Connection to this news: The parliamentary panel is recommending expansion of this model beyond its current PSL scope to more broadly cover MSME credit, which would unlock cheaper credit channels for millions of small businesses that currently depend on costlier informal or NBFC-only financing.
MSME Sector and Credit Access
Micro, Small and Medium Enterprises are defined under the MSMED Act, 2006, as amended in 2020, based on investment in plant and machinery/equipment and annual turnover. MSMEs contribute approximately 30% of India's GDP, 48% of exports, and employ over 110 million people, making credit access a central concern for inclusive economic growth.
- Revised MSME classification (2020): Micro — investment up to ₹1 crore, turnover up to ₹5 crore; Small — investment up to ₹10 crore, turnover up to ₹50 crore; Medium — investment up to ₹50 crore, turnover up to ₹250 crore.
- India has approximately 63 million MSMEs; formal credit penetration estimated at only 15-16% of total credit demand.
- Key barriers to MSME credit: lack of collateral, informal cash flows, absence of formal financial records.
- Government credit support instruments: CGTMSE (Credit Guarantee Fund Trust for Micro and Small Enterprises), Emergency Credit Line Guarantee Scheme (ECLGS), Mudra loans.
- Budget 2025-26 enhanced MSME credit card limits and announced a ₹10,000 crore Fund of Funds.
Connection to this news: The credit gap for MSMEs — estimated at $380 billion — is the direct motivation for the parliamentary panel's recommendation to expand co-lending, which can leverage NBFC networks to deliver lower-cost, bank-funded credit to underserved small businesses.
Regional Rural Banks (RRBs) — Listing Rationale
Regional Rural Banks were established under the Regional Rural Banks Act, 1976, to extend banking services to rural areas and agricultural communities.

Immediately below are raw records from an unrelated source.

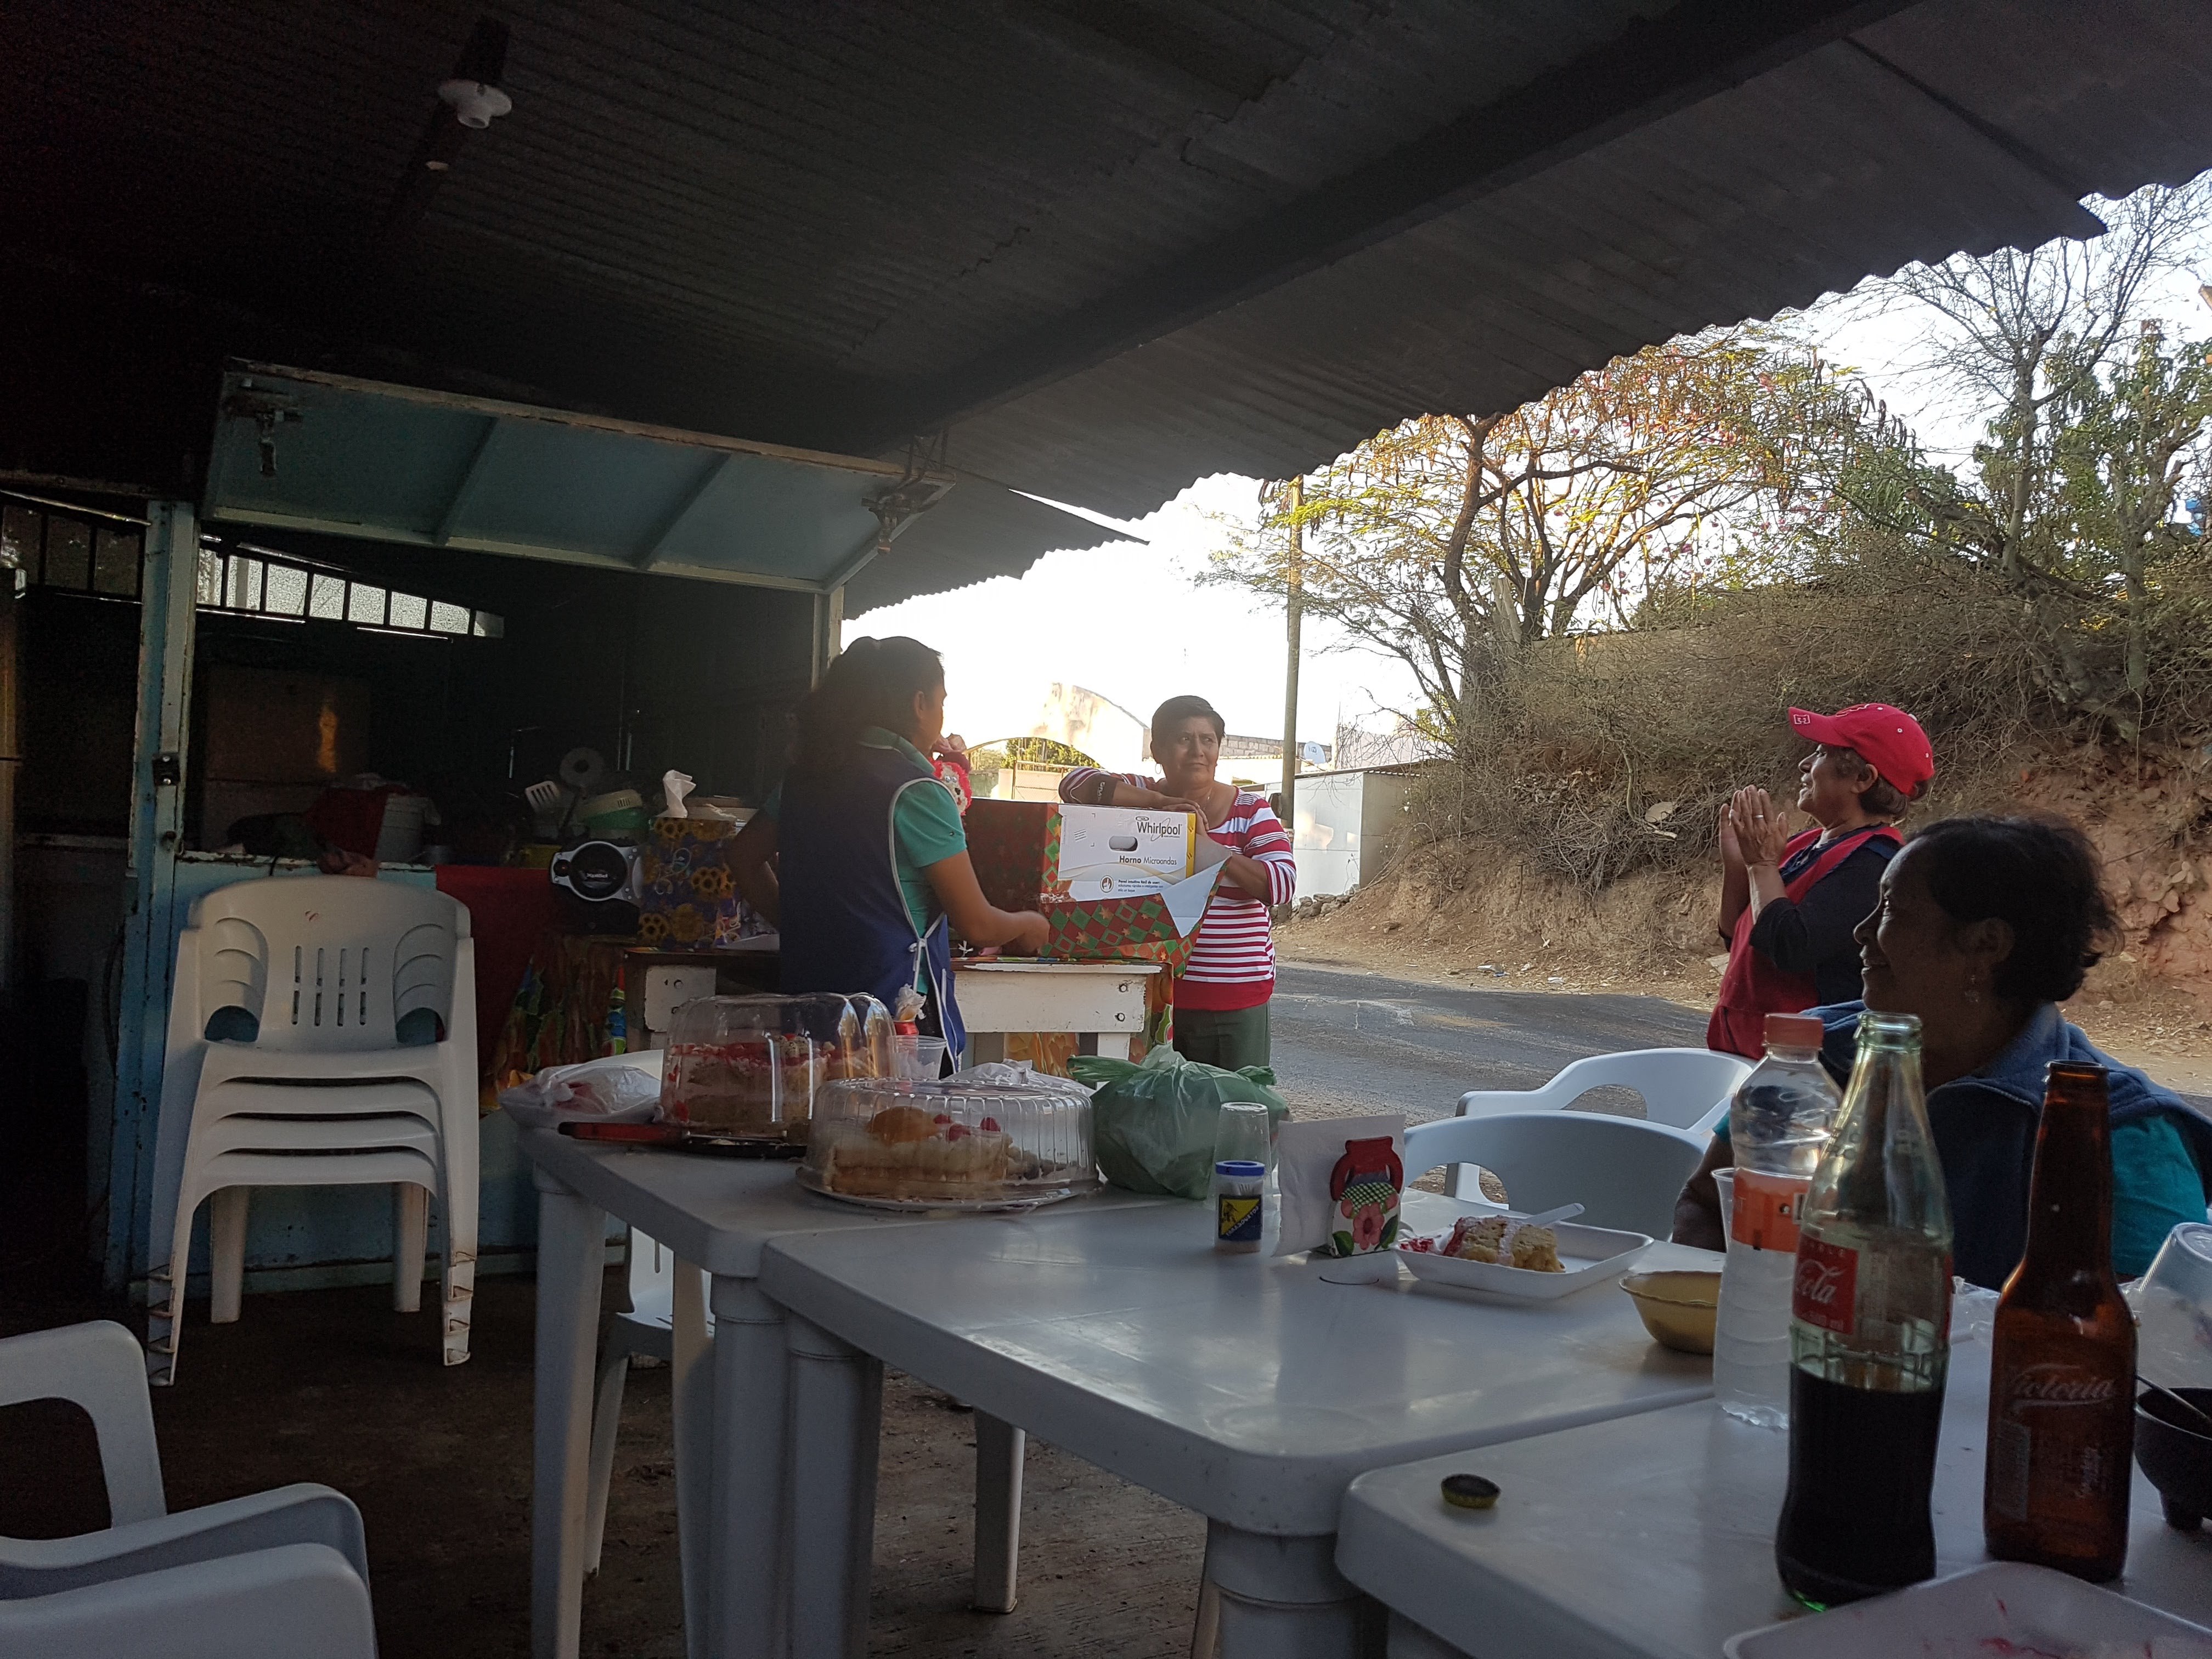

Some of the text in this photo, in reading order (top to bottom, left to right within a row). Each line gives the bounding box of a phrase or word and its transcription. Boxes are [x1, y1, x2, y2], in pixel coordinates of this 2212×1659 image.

[1137, 821, 1180, 838] Whirlpool
[1119, 855, 1177, 865] Horno Microondas
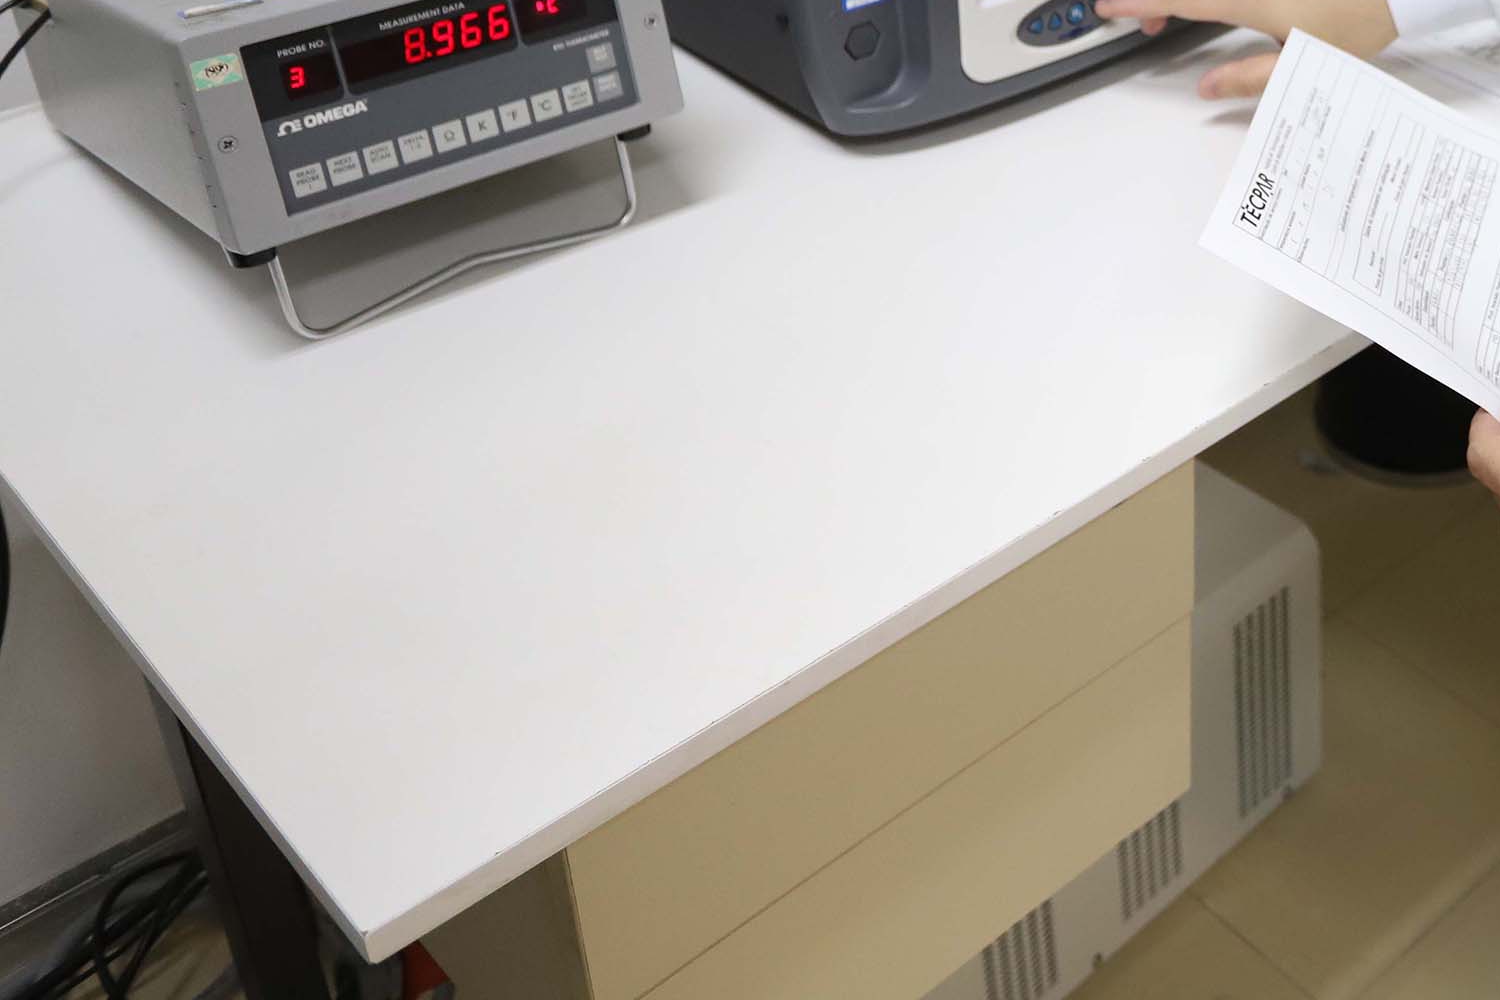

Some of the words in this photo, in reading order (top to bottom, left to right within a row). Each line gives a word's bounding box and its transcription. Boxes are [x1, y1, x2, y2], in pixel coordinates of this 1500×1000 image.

[379, 7, 440, 31] MEASUREMENT
[442, 1, 465, 16] DATA
[276, 45, 307, 58] PROBE
[308, 38, 326, 51] NO.
[403, 3, 510, 65] 8.966
[289, 66, 305, 89] 3
[303, 100, 368, 129] OMEGA
[478, 121, 487, 132] K
[1240, 172, 1275, 227] TECPAR
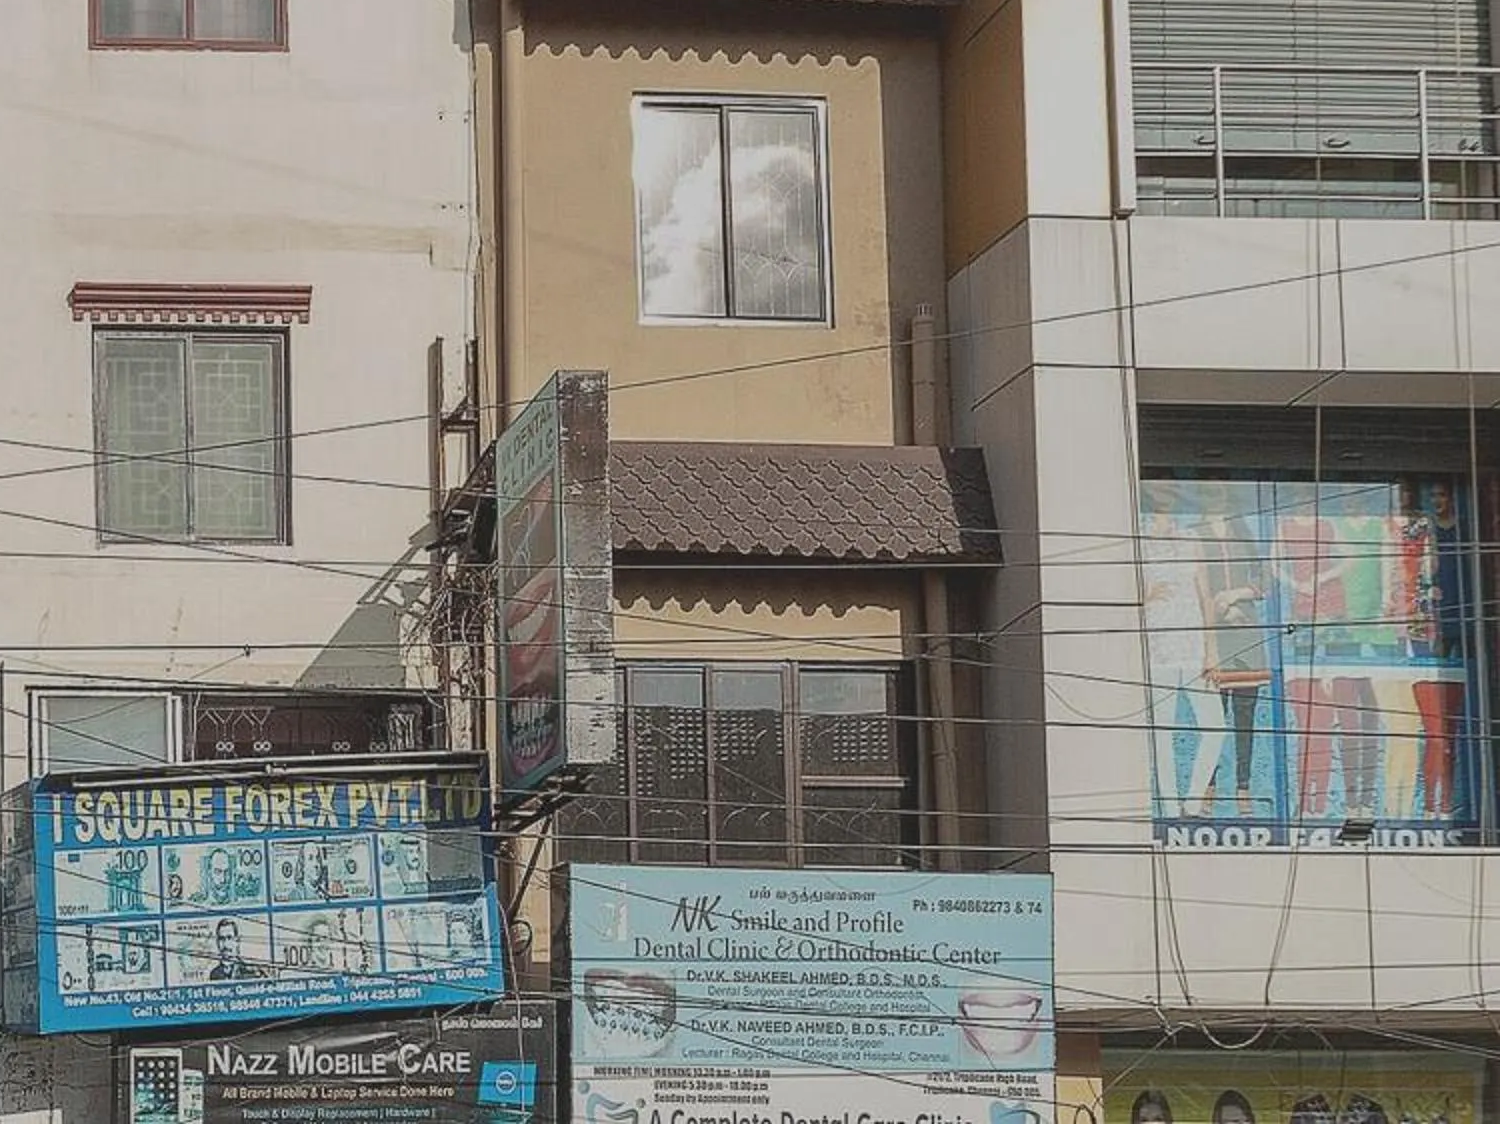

Sponsored jointly by the central government (50%), state governments (15%), and sponsor commercial banks (35%), RRBs are hybrid institutions designed to combine local knowledge with formal banking infrastructure.
- RRBs established under RRB Act, 1976; ownership structure: Centre 50%, State 15%, Sponsor Bank 35%.
- As of recent consolidation, 43 RRBs operate across India (down from 196 through mergers).
- RRBs serve approximately 700 districts, with a branch network exceeding 22,000 branches.
- Listing profitable RRBs would allow them to raise capital from markets, improve governance through public disclosure norms, and reduce dependence on recapitalisation by sponsor banks and the government.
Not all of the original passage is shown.